Phrase grounding data:

□ □ □ □ □ □ □

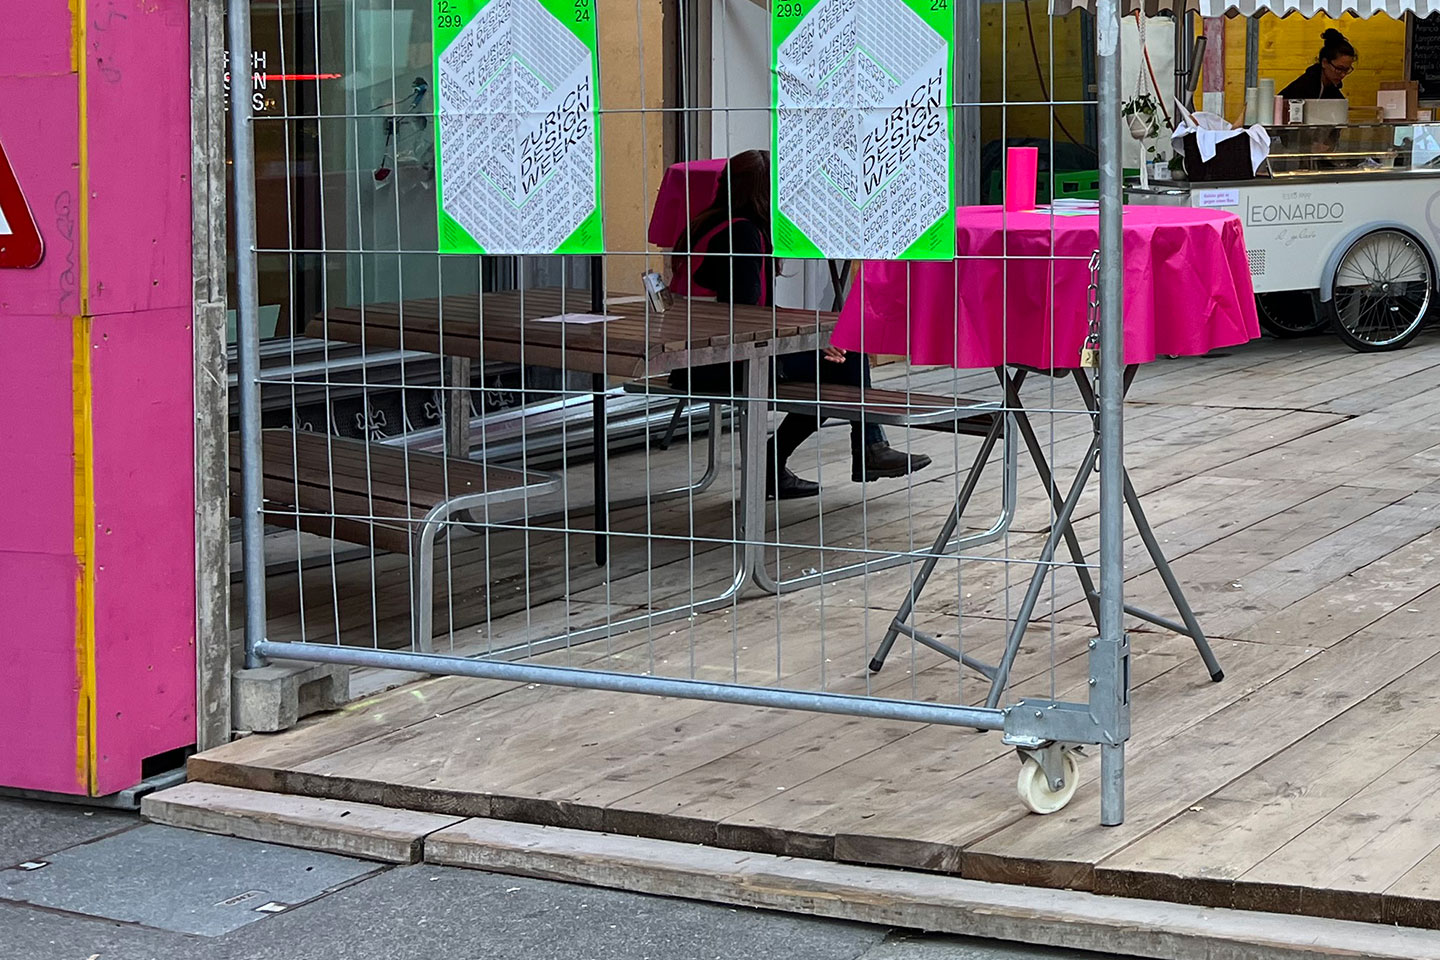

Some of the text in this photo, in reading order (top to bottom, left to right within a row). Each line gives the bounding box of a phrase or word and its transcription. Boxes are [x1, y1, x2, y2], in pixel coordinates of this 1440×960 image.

[437, 15, 463, 28] 29.9.
[575, 9, 591, 22] 24
[776, 3, 804, 18] 29.9.
[520, 75, 589, 158] ZURICH
[521, 95, 590, 177] DESIGN
[862, 68, 943, 156] ZURICH
[862, 88, 942, 176] DESIGN
[1247, 195, 1345, 227] LEONARDO

□ □ □ □ □ □ □

What is needed is every entry above, repeated exactly, with the pictures dropped.

Some of the text in this photo, in reading order (top to bottom, left to right within a row). Each line gives the bounding box of a phrase or word and its transcription. Boxes are [x1, y1, x2, y2], in pixel coordinates of this 1440×960 image.

[437, 15, 463, 28] 29.9.
[575, 9, 591, 22] 24
[776, 3, 804, 18] 29.9.
[520, 75, 589, 158] ZURICH
[521, 95, 590, 177] DESIGN
[862, 68, 943, 156] ZURICH
[862, 88, 942, 176] DESIGN
[1247, 195, 1345, 227] LEONARDO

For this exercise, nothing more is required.